Better than: Porsche Boxster S
But not as good as: Porsche 911 GT3
GRM Bang For The Buck Index: 78.84
Limited-production, hotted-up versions of the Porsche 911 have been with us for decades, but since its 1997 release the Boxster has only been offered in its two standard flavors. Grab the Tums, because a spicy Boxster is finally available. Meet the Boxster Spyder.
While this isn't a street homologation version of a GT3 race car, the Boxster Spyder offers the right tweaks for the hardcore enthusiast market. Compared to the regular Boxster S, power is up from 310 to 320. Torque has also been increased, going from 266 to 273.
Bigger footprint? Yep, that's also part of the package. Where the Boxster S comes with 18x8-inch front wheels paired with 18x8-inch rears, the Boxster Spyder receives 19s: 8.5 inches wider up front and 10 inches across out back.
Then there's lowered suspension plus a 176-pound weight savings, with 46 pounds of that sum courtesy of a very simple canvas top. Remember the crude, Erector Set tops our forefathers had to endure? Same thing. If there's any solace, remind yourself about the weight savings every time you debate whether or not it's worth the time to lower it.
The Boxster Spyder is only available in a handful of colors, but typical for Porsche there's a ton of possible options. Our car could be described as fully equipped--remember, it's configured for the press pool, not a PCA club race.
The biggies were $3110 for PCM (aka Porsche Communications Management, their GPS navigation and sound system setup), $1560 for bi-Xenon headlamps, $1760 for automatic climate control and $1320 for Sport Chrono Package Plus. Our test car also had Porsche's seven-speed PDK transmission, another $3420 option.
Other staff views
David S. Wallens
I admit, up until my stint with the Boxster Spyder I wasn't the world's biggest Boxster fan. Maybe I just didn't spend enough time with one. Okay, now I dig it. We took this one to the recent Porsche Parade since our own Porsche wasn't feeling so well.
We ran the Spyder in the three competitions at the event, too, making showings in the concours, autocross and TSD rally. The highlight was a second-place finish in the S09 class at the autocross. We got sniped by a quarter of a second on the last runs of the day. That stings, but we can take comfort that we showed well in a totally unfamiliar car still on the stock tires. Our prep was limited to a quick tire press tweak.

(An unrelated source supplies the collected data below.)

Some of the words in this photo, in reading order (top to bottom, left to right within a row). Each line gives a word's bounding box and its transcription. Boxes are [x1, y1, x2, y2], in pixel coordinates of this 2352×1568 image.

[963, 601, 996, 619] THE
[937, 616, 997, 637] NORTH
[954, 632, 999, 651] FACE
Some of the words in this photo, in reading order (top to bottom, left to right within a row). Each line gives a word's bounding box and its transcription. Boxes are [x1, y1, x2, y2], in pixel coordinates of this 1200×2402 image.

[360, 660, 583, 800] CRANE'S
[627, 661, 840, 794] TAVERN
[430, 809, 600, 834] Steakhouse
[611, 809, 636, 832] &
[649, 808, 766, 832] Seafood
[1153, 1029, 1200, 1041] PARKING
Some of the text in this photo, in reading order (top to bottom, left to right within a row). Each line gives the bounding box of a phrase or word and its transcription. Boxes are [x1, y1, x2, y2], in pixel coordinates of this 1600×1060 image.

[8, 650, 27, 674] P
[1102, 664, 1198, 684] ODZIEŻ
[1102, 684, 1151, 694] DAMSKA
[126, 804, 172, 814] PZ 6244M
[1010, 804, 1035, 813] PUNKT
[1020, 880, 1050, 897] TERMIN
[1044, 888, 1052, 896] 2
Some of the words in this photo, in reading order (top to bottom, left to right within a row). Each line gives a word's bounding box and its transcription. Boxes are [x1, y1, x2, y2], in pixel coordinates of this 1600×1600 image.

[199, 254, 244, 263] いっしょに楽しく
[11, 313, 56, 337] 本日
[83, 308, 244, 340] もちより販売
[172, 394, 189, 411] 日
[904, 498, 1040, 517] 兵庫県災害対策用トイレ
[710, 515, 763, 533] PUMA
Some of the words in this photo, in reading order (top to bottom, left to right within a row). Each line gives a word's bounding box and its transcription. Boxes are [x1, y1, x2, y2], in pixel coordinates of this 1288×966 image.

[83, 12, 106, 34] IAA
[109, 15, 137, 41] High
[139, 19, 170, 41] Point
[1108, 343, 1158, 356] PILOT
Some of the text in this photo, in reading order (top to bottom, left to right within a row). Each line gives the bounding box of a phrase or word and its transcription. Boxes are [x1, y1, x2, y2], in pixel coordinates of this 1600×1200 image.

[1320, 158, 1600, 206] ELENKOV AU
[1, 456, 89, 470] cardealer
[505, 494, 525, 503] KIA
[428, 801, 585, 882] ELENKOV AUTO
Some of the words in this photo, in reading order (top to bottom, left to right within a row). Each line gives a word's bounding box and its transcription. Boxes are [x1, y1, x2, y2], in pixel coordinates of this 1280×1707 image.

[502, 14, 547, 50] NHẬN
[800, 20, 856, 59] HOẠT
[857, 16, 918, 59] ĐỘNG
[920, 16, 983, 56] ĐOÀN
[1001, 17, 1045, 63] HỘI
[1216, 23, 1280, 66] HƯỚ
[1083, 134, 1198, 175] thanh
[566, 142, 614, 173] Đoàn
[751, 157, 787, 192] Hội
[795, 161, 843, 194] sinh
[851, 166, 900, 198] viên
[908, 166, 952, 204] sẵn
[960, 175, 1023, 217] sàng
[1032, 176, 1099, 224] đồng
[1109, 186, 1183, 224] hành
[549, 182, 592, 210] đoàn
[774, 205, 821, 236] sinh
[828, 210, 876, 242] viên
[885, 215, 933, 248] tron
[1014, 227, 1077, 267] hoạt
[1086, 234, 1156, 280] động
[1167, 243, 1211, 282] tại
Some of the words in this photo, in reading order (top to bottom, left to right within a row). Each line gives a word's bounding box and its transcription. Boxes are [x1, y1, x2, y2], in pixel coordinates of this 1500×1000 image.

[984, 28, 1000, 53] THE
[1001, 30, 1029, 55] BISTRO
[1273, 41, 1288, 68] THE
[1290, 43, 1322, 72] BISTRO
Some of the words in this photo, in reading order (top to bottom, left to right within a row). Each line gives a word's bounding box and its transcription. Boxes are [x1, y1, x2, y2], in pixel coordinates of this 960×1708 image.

The Spyder excelled between the cones: excellent power plus wonderful handling. Sometime during the first run I became a Boxster fan. It's like a Miata but with more power. The car hunted for the turns and devoured the slaloms. The seats are awesome, the brakes confidence-inspiring.
The PDK was in its element here, too. I left it in the Sport Chrono Plus mode, and it banged second just before the course's second big turn, a sweeping left-hander. With a standard box, I probably would have short-shifted into second somewhere between the two turns--and at the same time lost a few ticks. The PDK simply worked with me, not against me.
We did well at the concours, too, but lost points since we couldn't show the engine. The Boxster Spyder's engine is really hidden. I was told that you needed to unbolt the rear deck lid, seats and more to access it. (Don't forget, the Boxster Spyder gets its own unique deck lid and is designed to be serviced from below.)
I took a pass on showing the engine, and that torpedoed my score as I got really strong marks for paint and interior. Hey, at least I didn't finish last.
What else to like? This car has awesome, awesome a/c. I know, who brags about a/c, right? Well, it was at least a zillion degrees during the Porsche Parade--so hot I burned my hand while opening the rear deck lid. The a/c never let us down, quickly turning the cockpit from sauna to ice box.
Some of its other around-town manners need some noting, though. The low nose, high-sided seats and restricted over-the-shoulder visibility mean this probably isn't the world's best daily driver. Around town and at very slow speeds, every now and then the PDK would hiccup as it just couldn't read our minds.
For the most part, though, the PDK was flawless. That begs a question: Is it time to accept this two-pedal arrangement? Faster times are faster times, right?
I wasn't terribly crazy about the first Boxster I ever drove; it was a Tiptronic early model that seemed seriously underpowered for something with a Porsche badge on the nose. This pinnacle version was much more exciting, with good thrust, razor-sharp handling and pretty cool looks. I think there was more reward obstruction than there was actual rearward visibility, however, as the Spyder's trick top leaves just a tiny letterbox window out the back. And for $65-$75k, I think shopping a used 911 would be a much more savvy long-term decision. The Boxster's centrally-located engine still leaves me concerned about long-term maintenance prospects.
I rode in this car only briefly. It looked and felt extremely well-built. The seats are excellent, though appropriately race car-like in that they're tough to get out of. The ride is incredibly stiff.